▶ Task input:
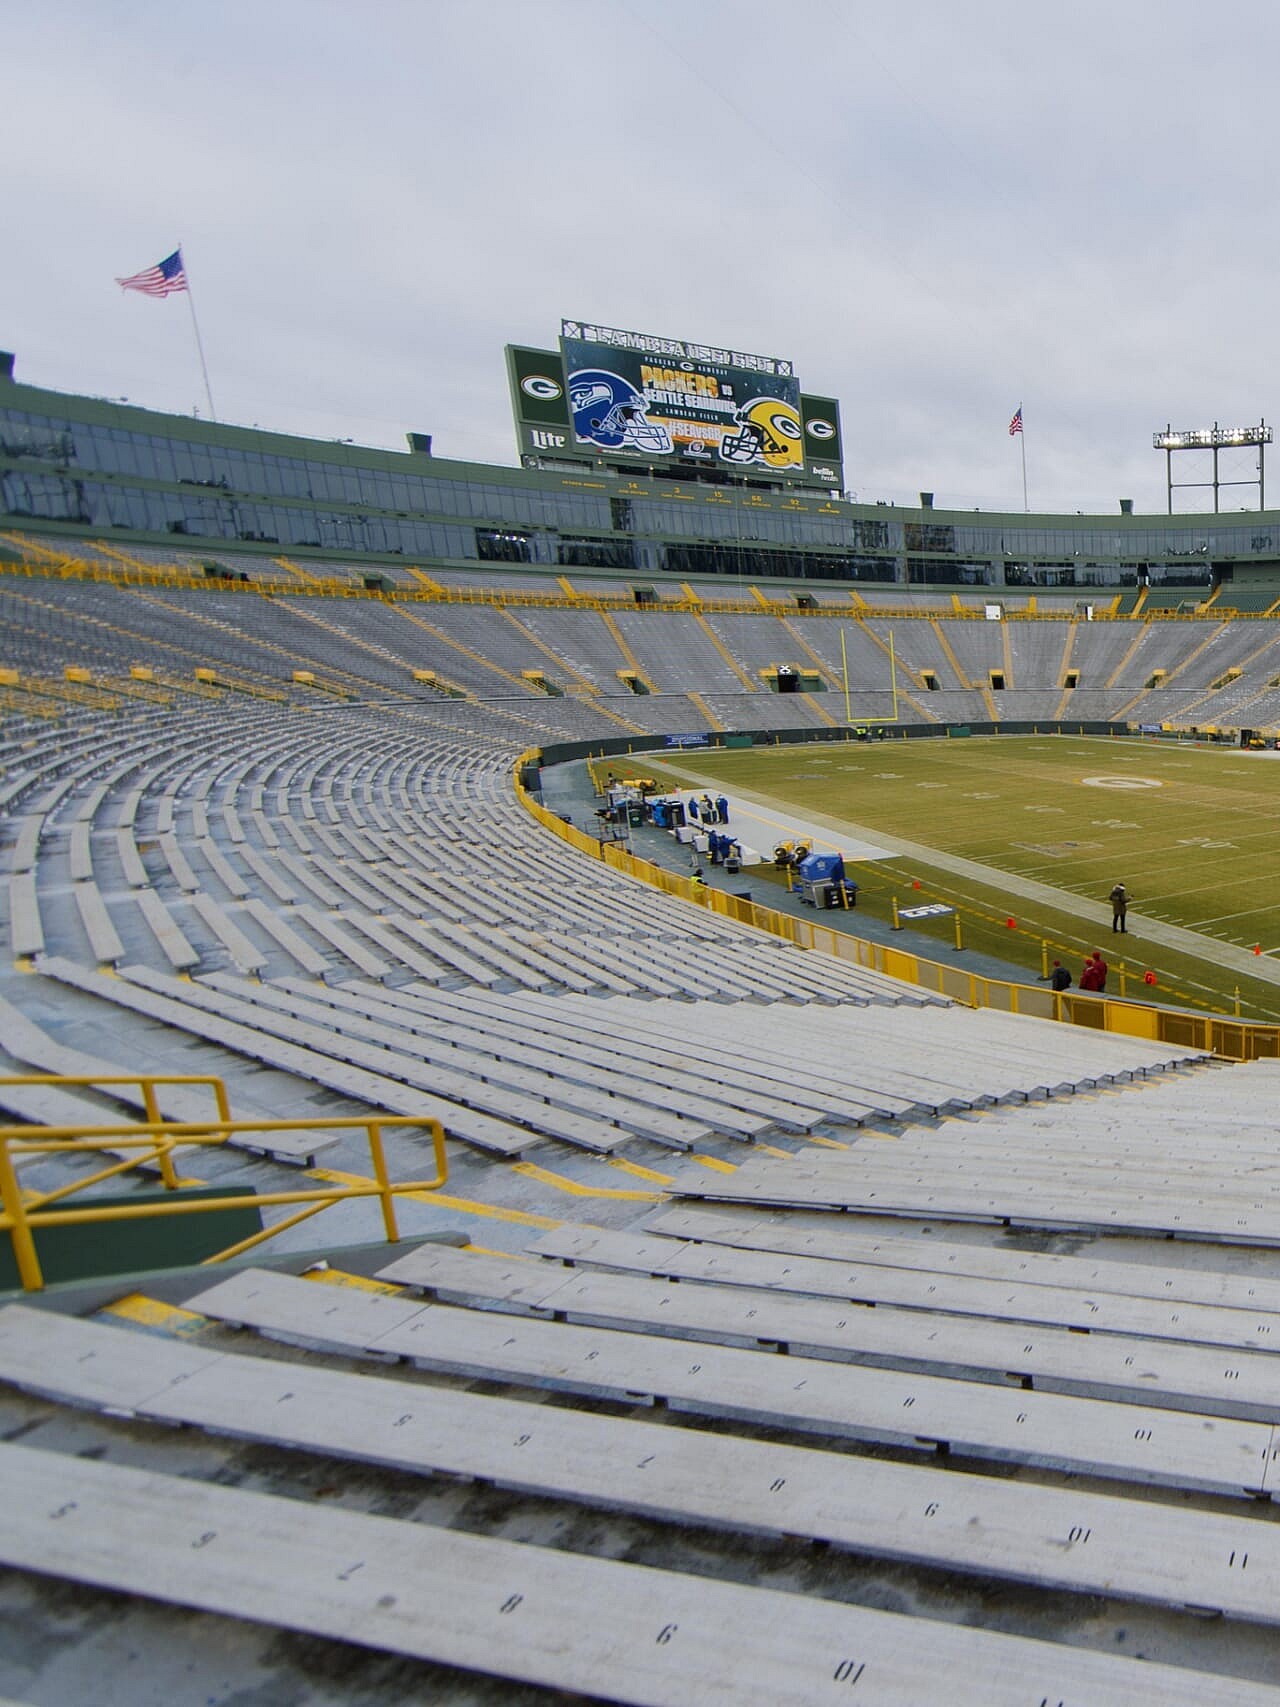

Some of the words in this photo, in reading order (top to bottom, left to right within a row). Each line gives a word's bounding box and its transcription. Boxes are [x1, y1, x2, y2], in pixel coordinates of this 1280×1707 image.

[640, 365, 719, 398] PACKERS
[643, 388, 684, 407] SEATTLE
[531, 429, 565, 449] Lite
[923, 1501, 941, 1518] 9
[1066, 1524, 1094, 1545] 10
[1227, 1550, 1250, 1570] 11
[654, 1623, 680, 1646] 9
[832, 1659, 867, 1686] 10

▶ Work instruction:
Omit the pictures and set down the records exactly.

▶ Answer to the problem:
Some of the words in this photo, in reading order (top to bottom, left to right within a row). Each line gives a word's bounding box and its transcription. Boxes are [x1, y1, x2, y2], in pixel coordinates of this 1280×1707 image.

[640, 365, 719, 398] PACKERS
[643, 388, 684, 407] SEATTLE
[531, 429, 565, 449] Lite
[923, 1501, 941, 1518] 9
[1066, 1524, 1094, 1545] 10
[1227, 1550, 1250, 1570] 11
[654, 1623, 680, 1646] 9
[832, 1659, 867, 1686] 10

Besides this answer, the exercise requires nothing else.